**DESCRIPTION OF THE TASK:**
All lines from the one with "this 1600×940 image." to the end of the data: return those exactly, and only those.

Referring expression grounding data
————————
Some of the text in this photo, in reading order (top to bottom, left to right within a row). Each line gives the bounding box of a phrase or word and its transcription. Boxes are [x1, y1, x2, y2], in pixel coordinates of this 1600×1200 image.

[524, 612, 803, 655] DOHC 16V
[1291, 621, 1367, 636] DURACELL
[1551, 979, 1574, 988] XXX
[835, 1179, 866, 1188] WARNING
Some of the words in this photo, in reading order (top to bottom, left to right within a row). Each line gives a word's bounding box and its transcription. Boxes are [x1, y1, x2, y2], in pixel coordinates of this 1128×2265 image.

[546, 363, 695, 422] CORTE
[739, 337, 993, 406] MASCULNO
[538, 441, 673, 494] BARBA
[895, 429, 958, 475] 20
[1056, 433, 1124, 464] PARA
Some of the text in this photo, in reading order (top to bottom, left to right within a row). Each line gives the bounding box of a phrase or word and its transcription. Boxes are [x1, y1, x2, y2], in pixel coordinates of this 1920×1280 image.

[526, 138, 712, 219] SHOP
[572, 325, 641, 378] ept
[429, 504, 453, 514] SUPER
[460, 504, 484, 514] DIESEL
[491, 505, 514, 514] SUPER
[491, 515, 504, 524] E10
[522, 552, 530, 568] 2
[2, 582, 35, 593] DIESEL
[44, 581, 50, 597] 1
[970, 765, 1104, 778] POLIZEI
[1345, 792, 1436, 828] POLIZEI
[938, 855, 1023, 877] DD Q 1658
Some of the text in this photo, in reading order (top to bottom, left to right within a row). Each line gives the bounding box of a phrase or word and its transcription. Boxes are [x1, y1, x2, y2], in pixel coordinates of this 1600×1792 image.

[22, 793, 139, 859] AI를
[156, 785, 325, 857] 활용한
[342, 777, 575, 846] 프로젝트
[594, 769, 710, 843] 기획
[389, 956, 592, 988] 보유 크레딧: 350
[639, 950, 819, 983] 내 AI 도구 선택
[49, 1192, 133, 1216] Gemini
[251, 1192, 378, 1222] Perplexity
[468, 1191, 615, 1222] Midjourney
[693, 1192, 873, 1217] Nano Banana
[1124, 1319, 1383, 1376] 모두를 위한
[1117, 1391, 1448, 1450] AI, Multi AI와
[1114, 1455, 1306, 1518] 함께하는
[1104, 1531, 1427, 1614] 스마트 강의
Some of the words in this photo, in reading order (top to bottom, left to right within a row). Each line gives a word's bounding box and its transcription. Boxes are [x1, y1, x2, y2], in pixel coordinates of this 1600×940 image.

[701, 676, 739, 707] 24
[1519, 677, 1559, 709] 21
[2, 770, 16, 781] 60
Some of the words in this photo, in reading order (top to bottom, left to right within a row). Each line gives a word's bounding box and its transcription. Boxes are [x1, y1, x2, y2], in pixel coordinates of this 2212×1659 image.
————————
**THE COMPLETED TASK:**
Some of the words in this photo, in reading order (top to bottom, left to right within a row). Each line gives a word's bounding box and its transcription. Boxes are [x1, y1, x2, y2], in pixel coordinates of this 1600×940 image.

[701, 676, 739, 707] 24
[1519, 677, 1559, 709] 21
[2, 770, 16, 781] 60
Some of the words in this photo, in reading order (top to bottom, left to right within a row). Each line gives a word's bounding box and its transcription. Boxes are [x1, y1, x2, y2], in pixel coordinates of this 2212×1659 image.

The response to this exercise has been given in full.